Stimwave has signed a nonprosecution agreement, admitting to its role in the scheme, and agreeing to pay a $10,000,000 monetary penalty. For the next three years, it will maintain an adequate compliance program that includes hiring a chief compliance officer, holding regular compliance committee meetings, and cooperating fully with the government.

“Individuals and companies that manufacture and distribute medical devices with nonfunctional components put the health of patients at significant risk. We will continue to pursue and bring to justice those who jeopardize the health of their patients and of the public,” said FDA-OIC special agent in charge Fernando McMillan, in a statement.

A plastic knockoff
Following FDA clearance in 2017, Perryman and Stimwave launched the StimQ PNS System, a neurostimulator for treating chronic pain in the peripheral nerves. It was made up of an implantable electrode array (the lead); an externally worn battery; and a separate, 23-centimeter implantable receiver known as the pink stylet, which contained copper to transmit energy from the battery to the lead.

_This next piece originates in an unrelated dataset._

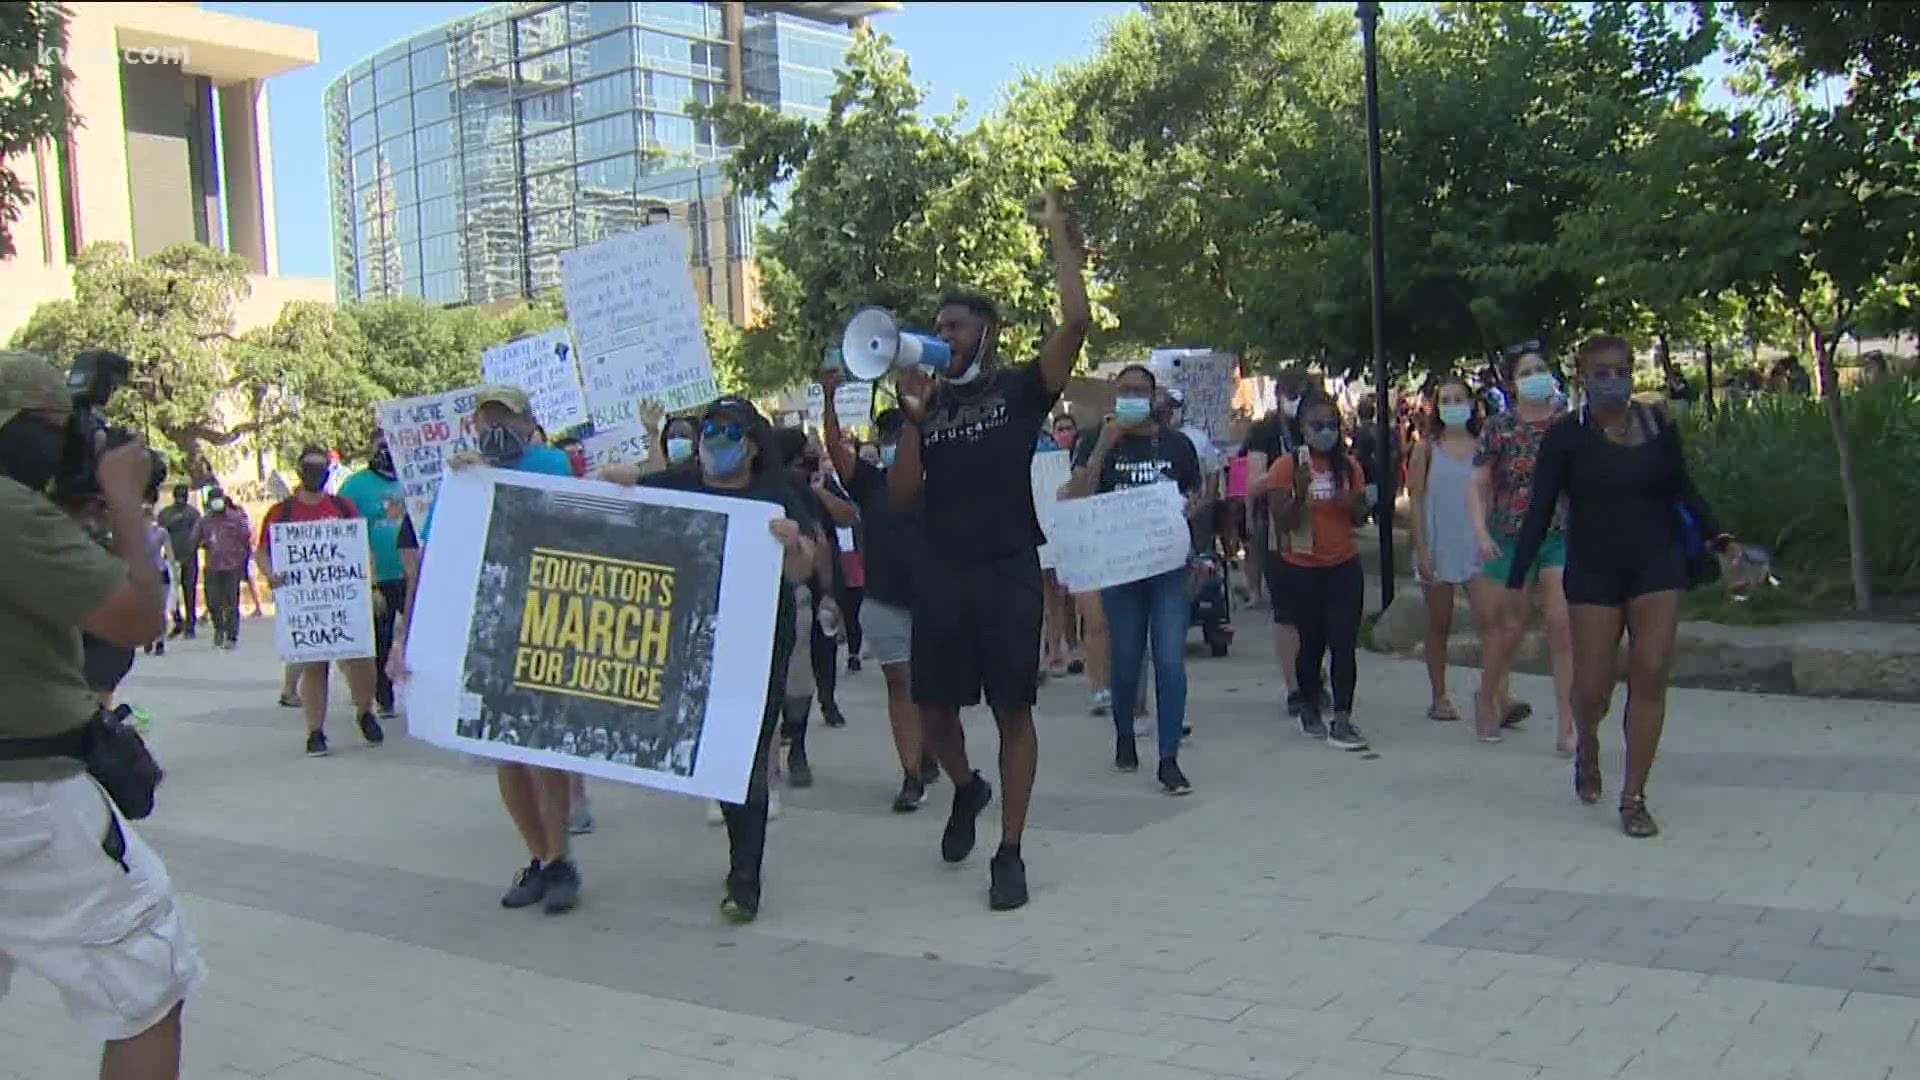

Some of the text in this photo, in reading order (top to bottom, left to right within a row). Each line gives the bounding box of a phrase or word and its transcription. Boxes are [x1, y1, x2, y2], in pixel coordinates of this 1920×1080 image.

Soon after, doctors told Perryman that the stylet was too long to implant in certain patients. Unfortunately, the stylet could not be trimmed down, as it would interfere with its functionality.

Stimwave sold each device for approximately $16,000, with doctors able to be reimbursed between approximately $4,000 and $6,000 for the lead, and $16,000 and $18,000 for the Pink stylet from insurers, including Medicare. Knowing that lack of a receiver would cost doctors financially and make it more difficult for the company to sell the device at the $16,000 price tag, Perryman instructed her company to make a white stylet that could be cut to size and fit into smaller anatomical spaces.

Unlike its pink predecessor, the white stylet was made entirely of plastic and had no copper, making it nonconductive and merely an "inert, nonfunctioning" knockoff. Yet, Stimwave, under Perryman's authority, sold it at the same price and did not recommend to doctors not to implant the device or receiver in cases where the pink stylet did not fit comfortably.